- Dataset entries -
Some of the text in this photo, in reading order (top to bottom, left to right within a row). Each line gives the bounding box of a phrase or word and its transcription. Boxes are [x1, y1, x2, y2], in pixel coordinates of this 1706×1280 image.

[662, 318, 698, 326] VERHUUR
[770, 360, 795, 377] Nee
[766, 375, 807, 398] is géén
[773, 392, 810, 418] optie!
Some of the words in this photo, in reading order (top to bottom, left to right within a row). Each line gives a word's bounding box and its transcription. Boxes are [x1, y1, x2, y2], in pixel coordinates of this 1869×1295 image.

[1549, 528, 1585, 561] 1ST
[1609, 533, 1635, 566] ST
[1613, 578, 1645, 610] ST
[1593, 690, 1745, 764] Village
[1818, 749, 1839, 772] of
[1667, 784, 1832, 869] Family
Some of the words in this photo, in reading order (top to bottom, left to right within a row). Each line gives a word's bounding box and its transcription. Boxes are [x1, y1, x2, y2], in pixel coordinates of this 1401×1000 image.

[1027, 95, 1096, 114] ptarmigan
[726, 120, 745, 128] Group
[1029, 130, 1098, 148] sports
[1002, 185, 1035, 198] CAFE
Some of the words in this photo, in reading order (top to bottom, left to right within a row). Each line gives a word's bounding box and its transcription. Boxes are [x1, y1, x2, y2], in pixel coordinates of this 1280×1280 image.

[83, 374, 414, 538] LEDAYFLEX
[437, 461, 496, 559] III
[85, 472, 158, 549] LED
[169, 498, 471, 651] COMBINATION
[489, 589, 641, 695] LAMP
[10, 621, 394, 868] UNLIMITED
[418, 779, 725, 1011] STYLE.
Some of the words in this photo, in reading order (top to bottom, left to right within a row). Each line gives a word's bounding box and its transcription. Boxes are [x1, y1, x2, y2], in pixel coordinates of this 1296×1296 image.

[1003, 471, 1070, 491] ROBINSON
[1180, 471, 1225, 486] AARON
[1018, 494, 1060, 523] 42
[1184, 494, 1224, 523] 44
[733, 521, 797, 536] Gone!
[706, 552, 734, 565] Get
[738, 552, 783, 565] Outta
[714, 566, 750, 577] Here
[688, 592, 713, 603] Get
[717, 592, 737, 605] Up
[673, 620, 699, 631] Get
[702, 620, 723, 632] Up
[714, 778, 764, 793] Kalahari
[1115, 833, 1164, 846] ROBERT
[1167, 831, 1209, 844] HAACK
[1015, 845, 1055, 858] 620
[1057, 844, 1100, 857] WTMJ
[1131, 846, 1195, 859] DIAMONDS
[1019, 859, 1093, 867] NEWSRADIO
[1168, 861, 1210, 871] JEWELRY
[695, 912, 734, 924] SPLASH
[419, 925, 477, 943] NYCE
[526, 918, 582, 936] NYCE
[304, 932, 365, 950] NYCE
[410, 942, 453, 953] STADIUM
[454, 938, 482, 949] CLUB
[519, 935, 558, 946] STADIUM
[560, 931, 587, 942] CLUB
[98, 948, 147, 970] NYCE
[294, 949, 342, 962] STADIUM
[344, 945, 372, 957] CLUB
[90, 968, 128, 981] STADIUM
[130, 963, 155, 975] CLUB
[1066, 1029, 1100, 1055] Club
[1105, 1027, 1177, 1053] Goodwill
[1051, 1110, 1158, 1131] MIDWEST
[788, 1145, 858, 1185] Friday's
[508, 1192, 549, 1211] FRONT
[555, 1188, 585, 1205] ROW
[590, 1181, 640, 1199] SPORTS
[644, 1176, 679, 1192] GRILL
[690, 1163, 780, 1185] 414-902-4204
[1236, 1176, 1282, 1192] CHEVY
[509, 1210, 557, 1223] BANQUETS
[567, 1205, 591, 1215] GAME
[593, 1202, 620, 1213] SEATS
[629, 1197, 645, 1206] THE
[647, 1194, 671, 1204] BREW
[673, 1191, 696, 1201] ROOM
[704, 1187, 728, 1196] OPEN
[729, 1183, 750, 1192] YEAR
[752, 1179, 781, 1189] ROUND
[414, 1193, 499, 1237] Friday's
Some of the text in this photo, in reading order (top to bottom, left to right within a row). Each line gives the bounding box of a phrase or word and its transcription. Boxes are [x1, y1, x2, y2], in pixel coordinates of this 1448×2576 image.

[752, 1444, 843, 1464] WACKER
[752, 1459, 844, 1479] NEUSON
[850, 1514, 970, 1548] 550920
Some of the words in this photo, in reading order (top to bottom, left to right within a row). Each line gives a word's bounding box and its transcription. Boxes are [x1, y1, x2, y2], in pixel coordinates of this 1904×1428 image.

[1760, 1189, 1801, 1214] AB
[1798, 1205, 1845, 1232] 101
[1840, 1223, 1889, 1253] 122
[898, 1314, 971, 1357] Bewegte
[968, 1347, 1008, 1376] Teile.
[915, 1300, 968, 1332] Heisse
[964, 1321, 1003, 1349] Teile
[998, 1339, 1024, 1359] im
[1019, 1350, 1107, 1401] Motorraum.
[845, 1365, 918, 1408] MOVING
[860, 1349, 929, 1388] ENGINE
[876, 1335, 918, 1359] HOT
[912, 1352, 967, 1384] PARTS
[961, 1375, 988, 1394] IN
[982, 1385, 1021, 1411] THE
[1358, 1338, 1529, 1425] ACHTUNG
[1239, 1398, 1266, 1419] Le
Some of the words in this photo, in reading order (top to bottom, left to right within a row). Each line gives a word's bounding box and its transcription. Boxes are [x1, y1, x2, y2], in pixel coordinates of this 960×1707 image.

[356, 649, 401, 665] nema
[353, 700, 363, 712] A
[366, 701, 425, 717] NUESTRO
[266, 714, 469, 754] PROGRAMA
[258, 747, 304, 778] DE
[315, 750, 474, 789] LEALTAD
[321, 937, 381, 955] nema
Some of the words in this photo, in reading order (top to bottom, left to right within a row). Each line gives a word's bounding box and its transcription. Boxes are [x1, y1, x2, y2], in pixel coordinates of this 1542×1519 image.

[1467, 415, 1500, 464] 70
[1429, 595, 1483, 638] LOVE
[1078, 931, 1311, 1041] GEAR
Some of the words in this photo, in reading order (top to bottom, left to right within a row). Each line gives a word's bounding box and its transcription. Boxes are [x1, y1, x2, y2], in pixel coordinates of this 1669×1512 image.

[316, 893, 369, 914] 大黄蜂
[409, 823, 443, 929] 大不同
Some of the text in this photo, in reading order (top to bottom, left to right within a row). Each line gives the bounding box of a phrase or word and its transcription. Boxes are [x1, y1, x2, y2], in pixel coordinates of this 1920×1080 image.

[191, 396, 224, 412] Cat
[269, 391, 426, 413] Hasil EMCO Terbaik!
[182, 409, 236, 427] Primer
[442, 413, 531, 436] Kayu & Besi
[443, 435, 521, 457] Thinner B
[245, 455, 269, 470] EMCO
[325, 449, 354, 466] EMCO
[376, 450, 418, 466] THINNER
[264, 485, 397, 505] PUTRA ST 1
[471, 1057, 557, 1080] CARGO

- Your assignment -
Give back the entire listing with every word intact.

- Answer box -
Some of the text in this photo, in reading order (top to bottom, left to right within a row). Each line gives the bounding box of a phrase or word and its transcription. Boxes are [x1, y1, x2, y2], in pixel coordinates of this 1706×1280 image.

[662, 318, 698, 326] VERHUUR
[770, 360, 795, 377] Nee
[766, 375, 807, 398] is géén
[773, 392, 810, 418] optie!
Some of the words in this photo, in reading order (top to bottom, left to right within a row). Each line gives a word's bounding box and its transcription. Boxes are [x1, y1, x2, y2], in pixel coordinates of this 1869×1295 image.

[1549, 528, 1585, 561] 1ST
[1609, 533, 1635, 566] ST
[1613, 578, 1645, 610] ST
[1593, 690, 1745, 764] Village
[1818, 749, 1839, 772] of
[1667, 784, 1832, 869] Family
Some of the words in this photo, in reading order (top to bottom, left to right within a row). Each line gives a word's bounding box and its transcription. Boxes are [x1, y1, x2, y2], in pixel coordinates of this 1401×1000 image.

[1027, 95, 1096, 114] ptarmigan
[726, 120, 745, 128] Group
[1029, 130, 1098, 148] sports
[1002, 185, 1035, 198] CAFE
Some of the words in this photo, in reading order (top to bottom, left to right within a row). Each line gives a word's bounding box and its transcription. Boxes are [x1, y1, x2, y2], in pixel coordinates of this 1280×1280 image.

[83, 374, 414, 538] LEDAYFLEX
[437, 461, 496, 559] III
[85, 472, 158, 549] LED
[169, 498, 471, 651] COMBINATION
[489, 589, 641, 695] LAMP
[10, 621, 394, 868] UNLIMITED
[418, 779, 725, 1011] STYLE.
Some of the words in this photo, in reading order (top to bottom, left to right within a row). Each line gives a word's bounding box and its transcription. Boxes are [x1, y1, x2, y2], in pixel coordinates of this 1296×1296 image.

[1003, 471, 1070, 491] ROBINSON
[1180, 471, 1225, 486] AARON
[1018, 494, 1060, 523] 42
[1184, 494, 1224, 523] 44
[733, 521, 797, 536] Gone!
[706, 552, 734, 565] Get
[738, 552, 783, 565] Outta
[714, 566, 750, 577] Here
[688, 592, 713, 603] Get
[717, 592, 737, 605] Up
[673, 620, 699, 631] Get
[702, 620, 723, 632] Up
[714, 778, 764, 793] Kalahari
[1115, 833, 1164, 846] ROBERT
[1167, 831, 1209, 844] HAACK
[1015, 845, 1055, 858] 620
[1057, 844, 1100, 857] WTMJ
[1131, 846, 1195, 859] DIAMONDS
[1019, 859, 1093, 867] NEWSRADIO
[1168, 861, 1210, 871] JEWELRY
[695, 912, 734, 924] SPLASH
[419, 925, 477, 943] NYCE
[526, 918, 582, 936] NYCE
[304, 932, 365, 950] NYCE
[410, 942, 453, 953] STADIUM
[454, 938, 482, 949] CLUB
[519, 935, 558, 946] STADIUM
[560, 931, 587, 942] CLUB
[98, 948, 147, 970] NYCE
[294, 949, 342, 962] STADIUM
[344, 945, 372, 957] CLUB
[90, 968, 128, 981] STADIUM
[130, 963, 155, 975] CLUB
[1066, 1029, 1100, 1055] Club
[1105, 1027, 1177, 1053] Goodwill
[1051, 1110, 1158, 1131] MIDWEST
[788, 1145, 858, 1185] Friday's
[508, 1192, 549, 1211] FRONT
[555, 1188, 585, 1205] ROW
[590, 1181, 640, 1199] SPORTS
[644, 1176, 679, 1192] GRILL
[690, 1163, 780, 1185] 414-902-4204
[1236, 1176, 1282, 1192] CHEVY
[509, 1210, 557, 1223] BANQUETS
[567, 1205, 591, 1215] GAME
[593, 1202, 620, 1213] SEATS
[629, 1197, 645, 1206] THE
[647, 1194, 671, 1204] BREW
[673, 1191, 696, 1201] ROOM
[704, 1187, 728, 1196] OPEN
[729, 1183, 750, 1192] YEAR
[752, 1179, 781, 1189] ROUND
[414, 1193, 499, 1237] Friday's
Some of the text in this photo, in reading order (top to bottom, left to right within a row). Each line gives the bounding box of a phrase or word and its transcription. Boxes are [x1, y1, x2, y2], in pixel coordinates of this 1448×2576 image.

[752, 1444, 843, 1464] WACKER
[752, 1459, 844, 1479] NEUSON
[850, 1514, 970, 1548] 550920
Some of the words in this photo, in reading order (top to bottom, left to right within a row). Each line gives a word's bounding box and its transcription. Boxes are [x1, y1, x2, y2], in pixel coordinates of this 1904×1428 image.

[1760, 1189, 1801, 1214] AB
[1798, 1205, 1845, 1232] 101
[1840, 1223, 1889, 1253] 122
[898, 1314, 971, 1357] Bewegte
[968, 1347, 1008, 1376] Teile.
[915, 1300, 968, 1332] Heisse
[964, 1321, 1003, 1349] Teile
[998, 1339, 1024, 1359] im
[1019, 1350, 1107, 1401] Motorraum.
[845, 1365, 918, 1408] MOVING
[860, 1349, 929, 1388] ENGINE
[876, 1335, 918, 1359] HOT
[912, 1352, 967, 1384] PARTS
[961, 1375, 988, 1394] IN
[982, 1385, 1021, 1411] THE
[1358, 1338, 1529, 1425] ACHTUNG
[1239, 1398, 1266, 1419] Le
Some of the words in this photo, in reading order (top to bottom, left to right within a row). Each line gives a word's bounding box and its transcription. Boxes are [x1, y1, x2, y2], in pixel coordinates of this 960×1707 image.

[356, 649, 401, 665] nema
[353, 700, 363, 712] A
[366, 701, 425, 717] NUESTRO
[266, 714, 469, 754] PROGRAMA
[258, 747, 304, 778] DE
[315, 750, 474, 789] LEALTAD
[321, 937, 381, 955] nema
Some of the words in this photo, in reading order (top to bottom, left to right within a row). Each line gives a word's bounding box and its transcription. Boxes are [x1, y1, x2, y2], in pixel coordinates of this 1542×1519 image.

[1467, 415, 1500, 464] 70
[1429, 595, 1483, 638] LOVE
[1078, 931, 1311, 1041] GEAR
Some of the words in this photo, in reading order (top to bottom, left to right within a row). Each line gives a word's bounding box and its transcription. Boxes are [x1, y1, x2, y2], in pixel coordinates of this 1669×1512 image.

[316, 893, 369, 914] 大黄蜂
[409, 823, 443, 929] 大不同
Some of the text in this photo, in reading order (top to bottom, left to right within a row). Each line gives the bounding box of a phrase or word and its transcription. Boxes are [x1, y1, x2, y2], in pixel coordinates of this 1920×1080 image.

[191, 396, 224, 412] Cat
[269, 391, 426, 413] Hasil EMCO Terbaik!
[182, 409, 236, 427] Primer
[442, 413, 531, 436] Kayu & Besi
[443, 435, 521, 457] Thinner B
[245, 455, 269, 470] EMCO
[325, 449, 354, 466] EMCO
[376, 450, 418, 466] THINNER
[264, 485, 397, 505] PUTRA ST 1
[471, 1057, 557, 1080] CARGO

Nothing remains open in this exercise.